What to work on: For this exercise, reproduce the records exactly as they stand and do not carry any images over.

Material for the task:
━━━
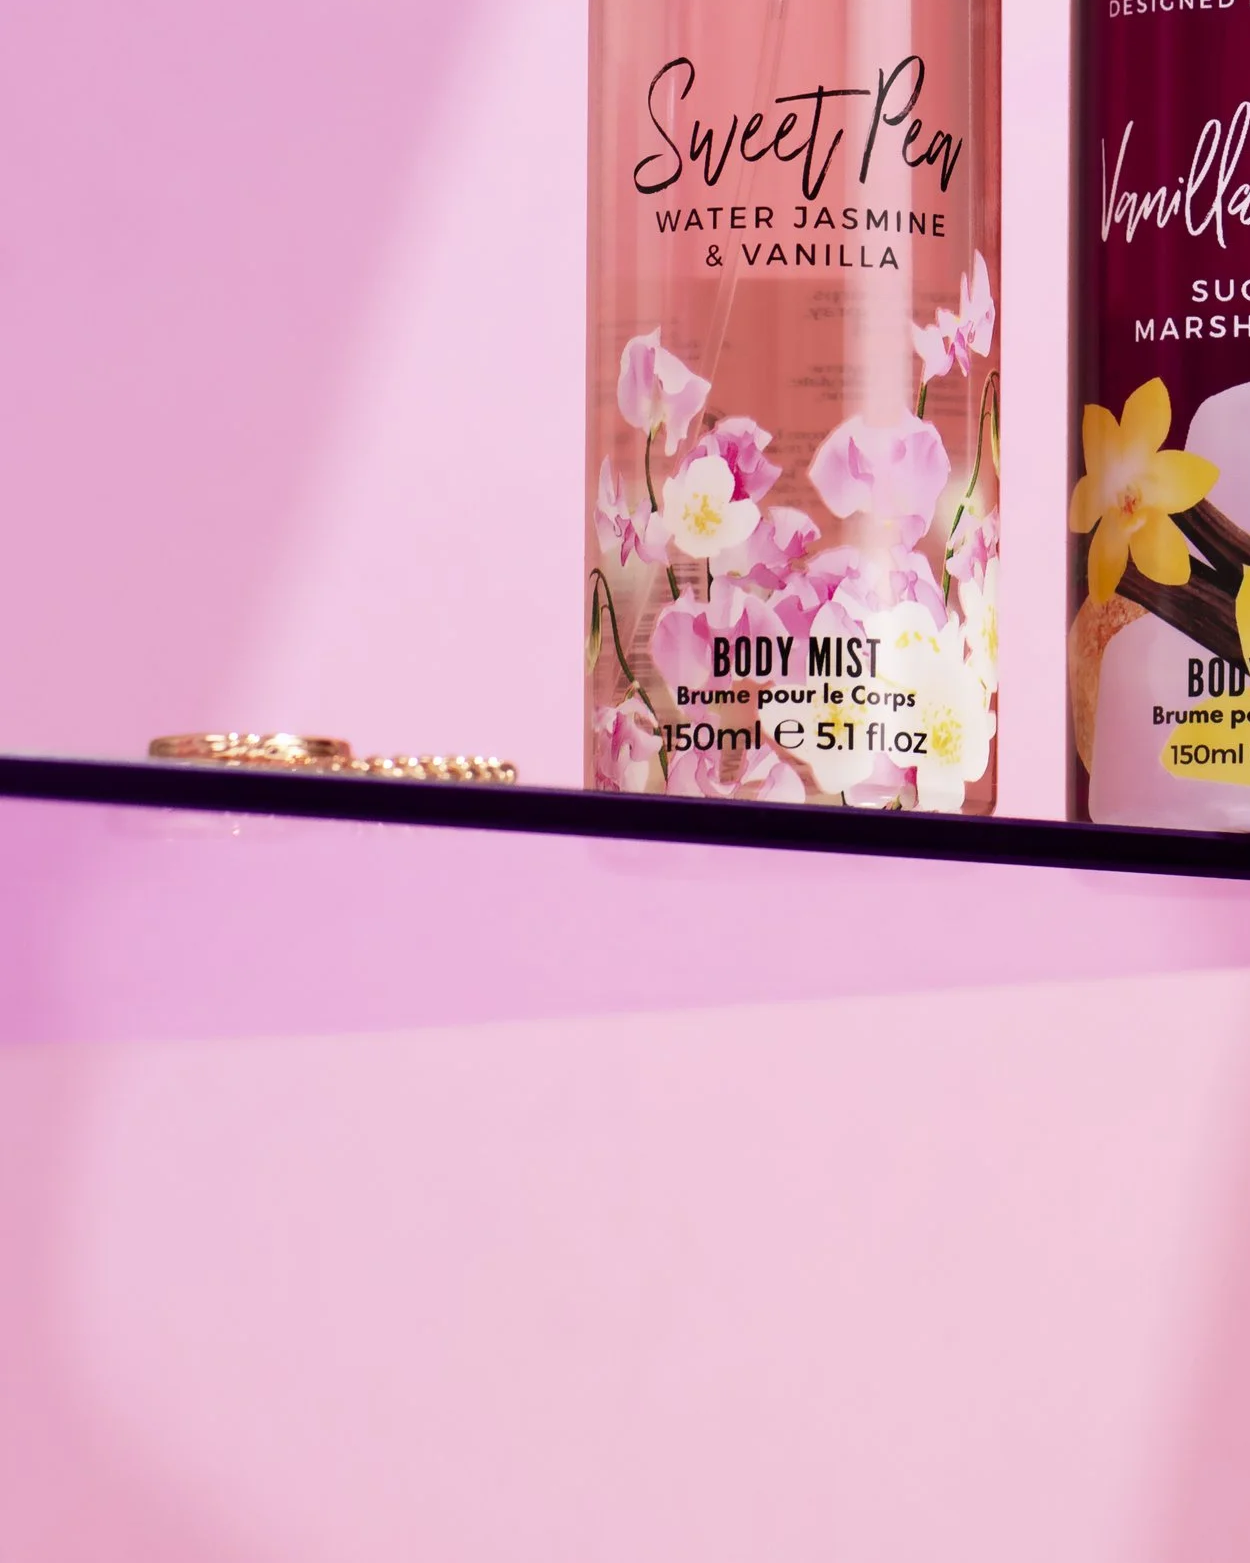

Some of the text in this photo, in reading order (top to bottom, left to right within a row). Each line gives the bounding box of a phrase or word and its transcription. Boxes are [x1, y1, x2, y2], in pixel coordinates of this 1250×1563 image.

[633, 55, 963, 200] Sweet Pea
[655, 205, 945, 238] WATER JASMINE
[706, 242, 899, 270] & VANILLA
[713, 636, 881, 679] BODY MIST
[677, 684, 916, 712] Brume pour le Corps
[1152, 706, 1224, 726] Brume
[663, 721, 761, 753] 150ml
[817, 723, 855, 752] 5.1
[865, 721, 928, 755] fl.oz
[1170, 744, 1244, 765] 150ml
━━━
Result below:
Some of the text in this photo, in reading order (top to bottom, left to right within a row). Each line gives the bounding box of a phrase or word and its transcription. Boxes are [x1, y1, x2, y2], in pixel coordinates of this 1250×1563 image.

[633, 55, 963, 200] Sweet Pea
[655, 205, 945, 238] WATER JASMINE
[706, 242, 899, 270] & VANILLA
[713, 636, 881, 679] BODY MIST
[677, 684, 916, 712] Brume pour le Corps
[1152, 706, 1224, 726] Brume
[663, 721, 761, 753] 150ml
[817, 723, 855, 752] 5.1
[865, 721, 928, 755] fl.oz
[1170, 744, 1244, 765] 150ml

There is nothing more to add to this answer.